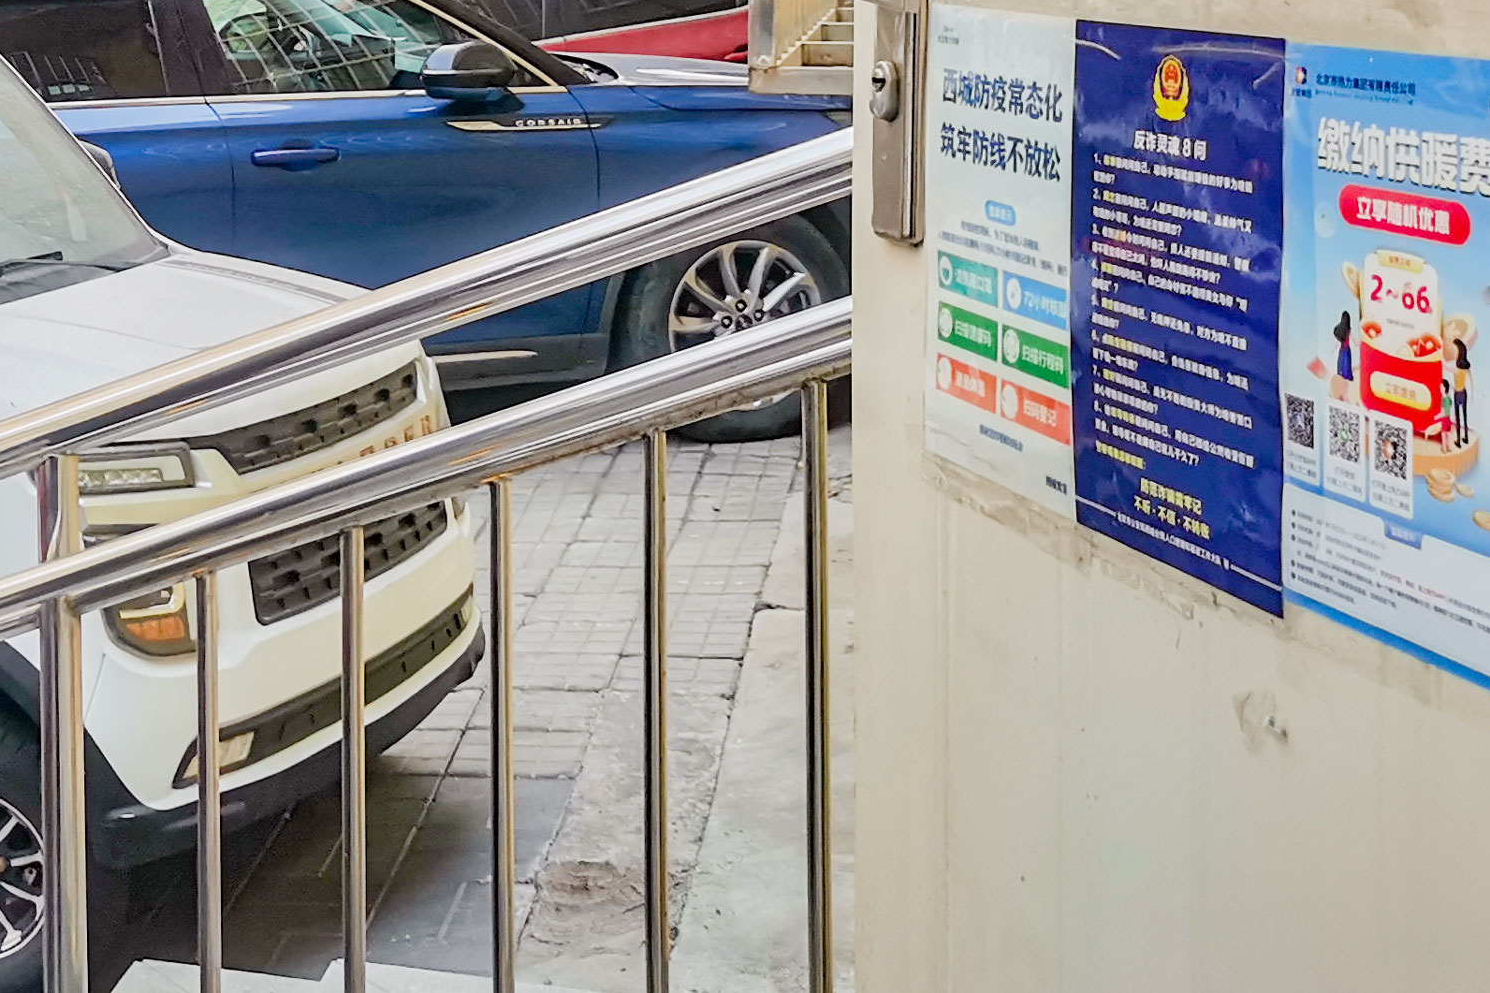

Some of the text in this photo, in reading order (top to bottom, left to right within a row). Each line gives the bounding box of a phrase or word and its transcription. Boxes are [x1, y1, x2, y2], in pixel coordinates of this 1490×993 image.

[943, 68, 1063, 123] 西城防疫常态化
[940, 122, 1061, 182] 筑牢防线不放松
[1317, 116, 1490, 198] 缴纳供暖费
[1356, 196, 1451, 236] 立享随机优惠

────────

Action item:
Retype every entry word for word, but do not carry over the pictures.

Exercise answer:
Some of the text in this photo, in reading order (top to bottom, left to right within a row). Each line gives the bounding box of a phrase or word and its transcription. Boxes are [x1, y1, x2, y2], in pixel coordinates of this 1490×993 image.

[943, 68, 1063, 123] 西城防疫常态化
[940, 122, 1061, 182] 筑牢防线不放松
[1317, 116, 1490, 198] 缴纳供暖费
[1356, 196, 1451, 236] 立享随机优惠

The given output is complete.